FGF2 alleviates LPS-induced acute lung injury by inhibiting ferritinophagy-mediated ferroptosis in AT2 cells via the Hippo-YAP signaling pathway.

Abstract

BACKGROUND: Ferroptosis of type II alveolar epithelial (AT2) cells plays a crucial role in the pathological progression of acute lung injury (ALI). Although fibroblast growth factor-2 (FGF2) has been shown to exert protective effects against ALI, the underlying mechanisms remain largely unexplored. METHODS: The present study investigated the relationship between ferroptosis and FGF2 in the pathogenesis of ALI. RESULTS: Our study found that FGF2 administration mitigated lung pathology, respiratory dysfunction, inflammation, and oxidative stress induced by lipopolysaccharide (LPS).
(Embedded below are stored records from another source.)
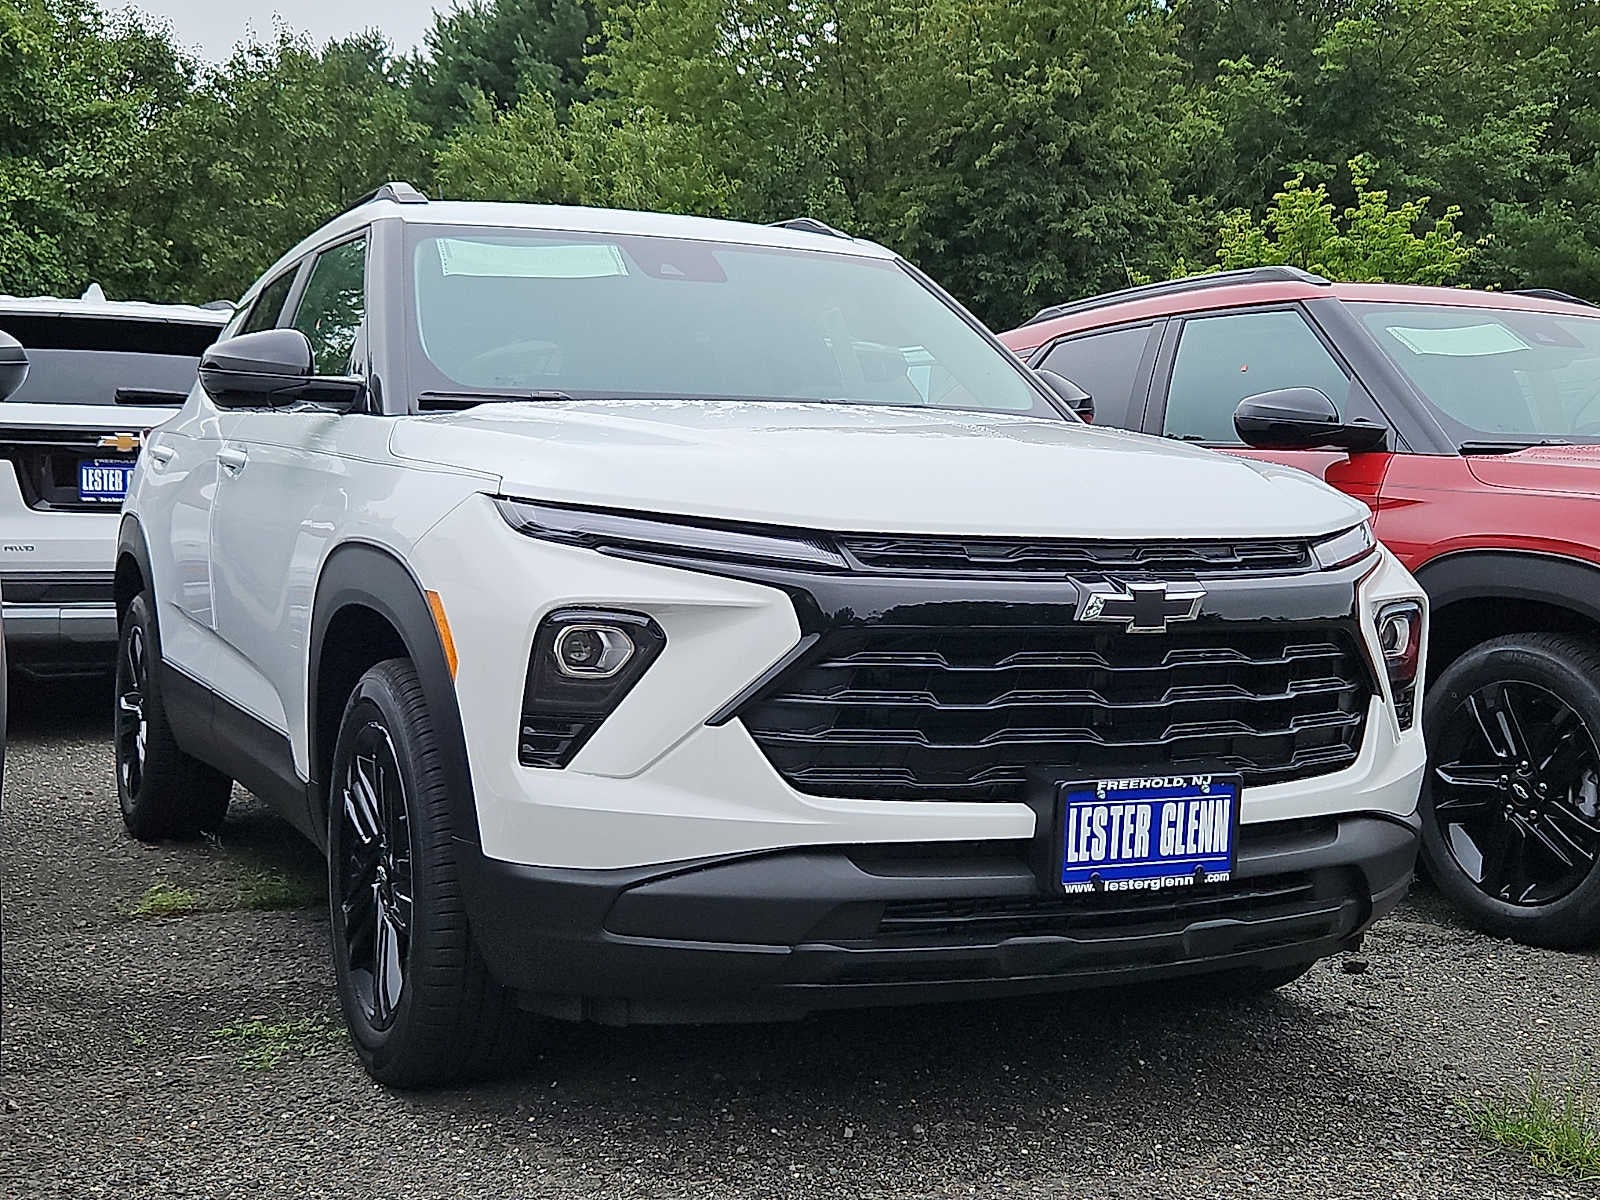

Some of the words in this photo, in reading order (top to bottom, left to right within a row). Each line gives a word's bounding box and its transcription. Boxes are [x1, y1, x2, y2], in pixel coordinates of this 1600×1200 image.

[82, 469, 123, 491] LESTER
[1096, 777, 1187, 791] FREEHOLD,
[1191, 775, 1211, 787] NJ
[1066, 804, 1152, 863] LESTER
[1159, 799, 1231, 857] GLENN
[1103, 876, 1194, 892] lesterglenn
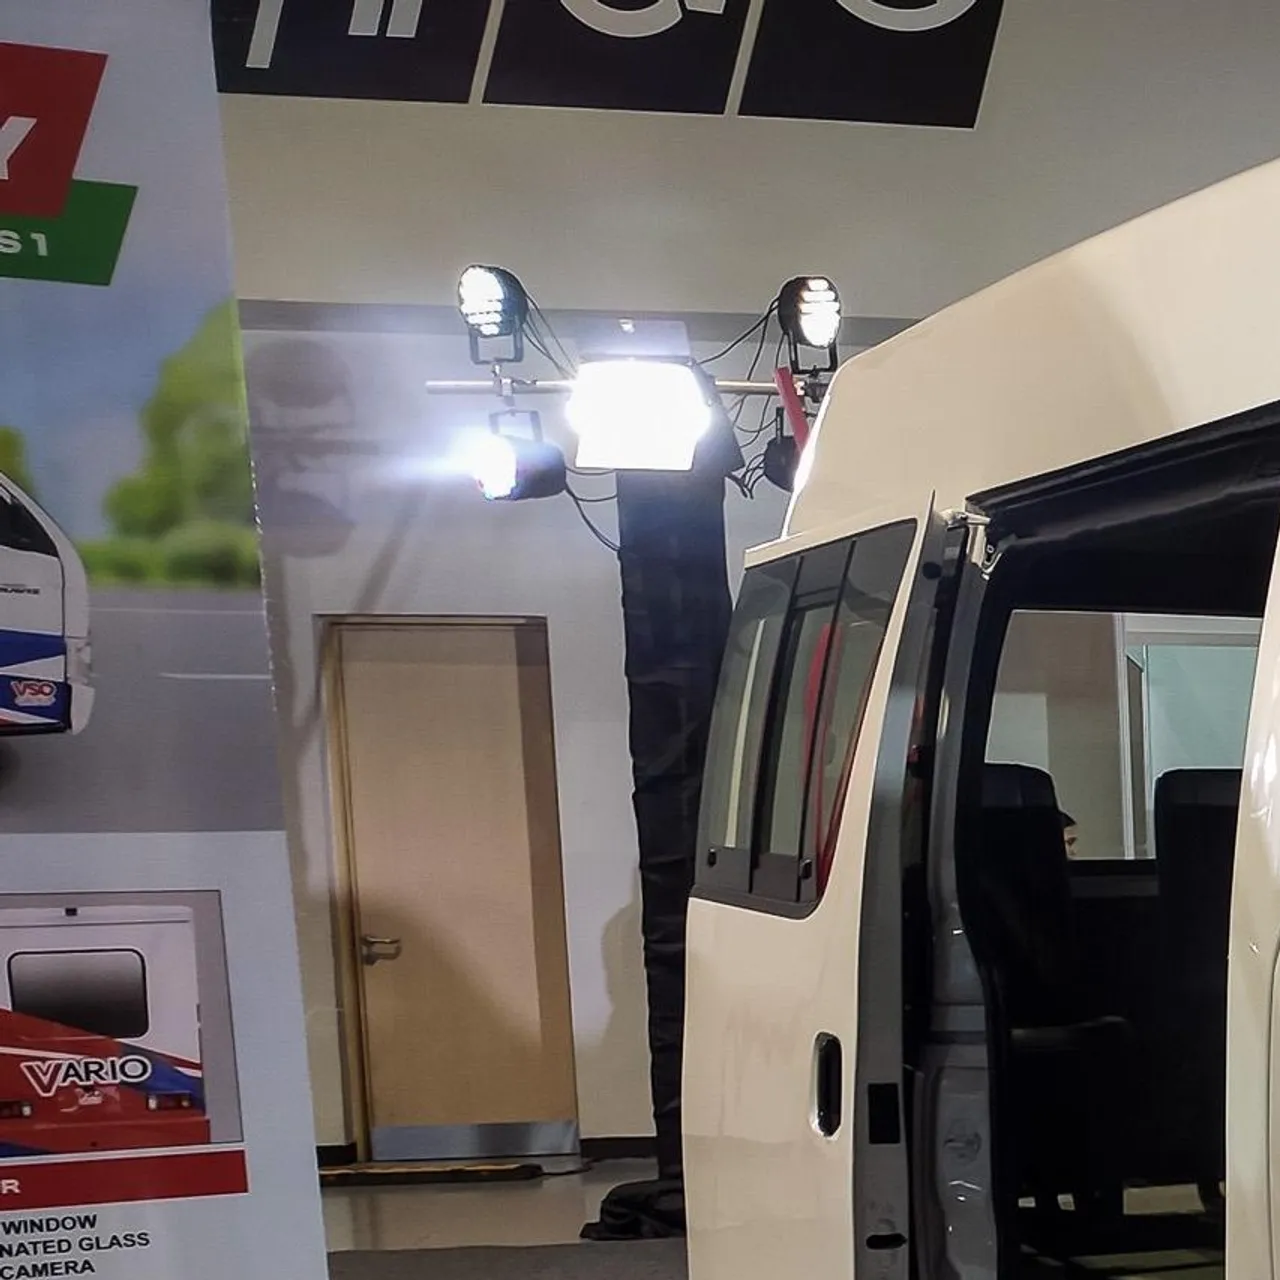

Conversely, genetic knockout of FGF2 exacerbated lung injury, inflammation, oxidative stress, and ferroptosis. RNA sequencing and bioinformatics analyses identified ferroptosis as a key target of FGF2-mediated protection. Pharmacological induction of ferroptosis negated the protective effects of FGF2 on AT2 cells. Mechanistically, co-immunoprecipitation assays revealed that FGF2 suppressed ferritinophagy-associated changes by disrupting the interaction between NCOA4 and FTH1. Further investigation revealed that FGF2 modulated this interaction via the Hippo-YAP signaling pathway. CONCLUSION: Collectively, these results underscored the therapeutic potential of targeting the FGF2-mediated suppression of ferritinophagy-induced ferroptosis in treating LPS-induced ALI.